There are two patterns in the polling of our primary candidates: Romney consistently holds 20% – 25% of the national polling, while the other candidates play musical chairs for the spotlight. First, Bachmann’s campaign went from an anemic 5% early this summer to 15% in August. Then her campaign cratered and Perry came on the scene with 30% of the polling, and was soon replaced himself by the Cain campaign, now at about 25%.
While Romney’s flipflops, beginning with RomneyCare, become more and more transparent to the electorate at large, conservatives paying attention to the primary process are looking to find someone to support instead of Romney. The problem for Romney is that voters seem to have made up their mind about him, and he doesn’t have 50%. Eventually, as some of the other candidates begin to drop out, their supporters will have to choose someone else. Is a Cain, Bachmann, or Perry supporter really going to vote for Romney? The fact is, Cain, Bachmann, and Perry supporters have a lot more in common than they do with Romney supporters, and the combined polling of Cain, Bachmann, and Perry tops well over 50%. We may have a scenario where Romney does well in the Iowa and New Hampshire primaries, but then fairs steadily worse as other candidates drop out and their supporters switch to backing someone other than Romney.

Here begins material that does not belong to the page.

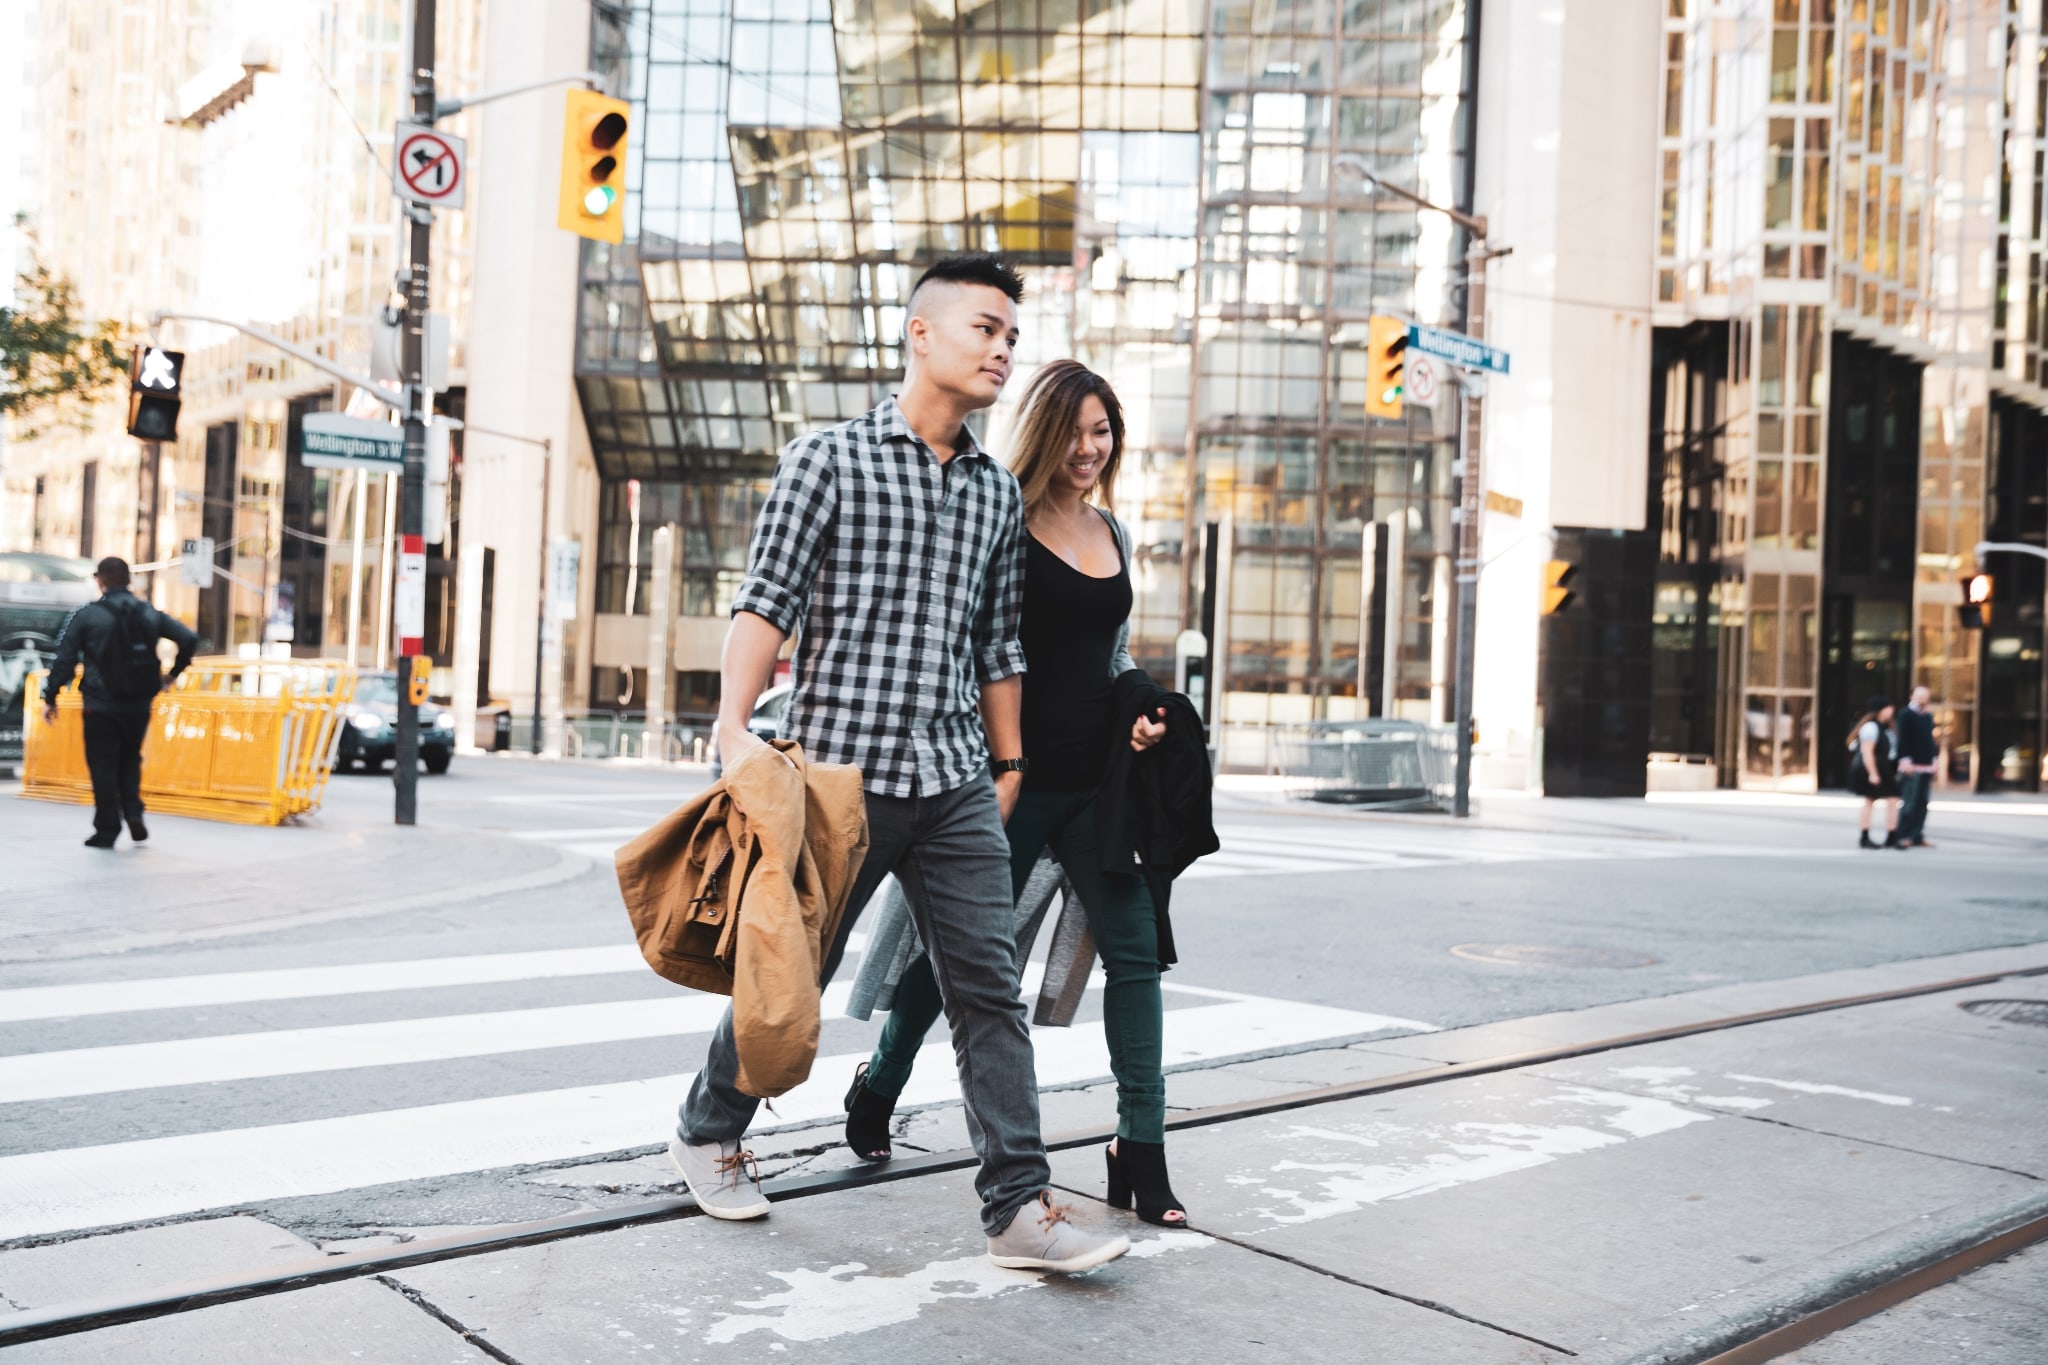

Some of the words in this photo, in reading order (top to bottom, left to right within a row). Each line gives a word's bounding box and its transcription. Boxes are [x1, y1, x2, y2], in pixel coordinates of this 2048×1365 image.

[1419, 328, 1482, 363] Wellington
[305, 432, 376, 458] Wellington
[389, 440, 403, 459] W

Looking at the big picture, this primary is about Republicans cleaning house. Romney is the vanguard fighting against the rise of fiscal conservatives who see politicians like Romney as part of the same over-regulating, big government spending crowd which lost Republicans control of the Presidency and Congress in 2008. In short, Romney is in the same league as President George Bush. For example, it’s hard to see how any small government, fiscal conservative could support universal healthcare, aka RomneyCare. Even if Romney is right that healthcare should be a states rights issue, no small government, fiscal conservative in their right minds would support their state creating a universal healthcare system. It’s a bad idea, because an overly-controlling big spending state government is no better than an overly-controlling big spending federal government. In a nutshell, this is the problem conservatives have with Romney, and it’s why at the end of the primary process, someone besides Romney will be the Republican Nominee.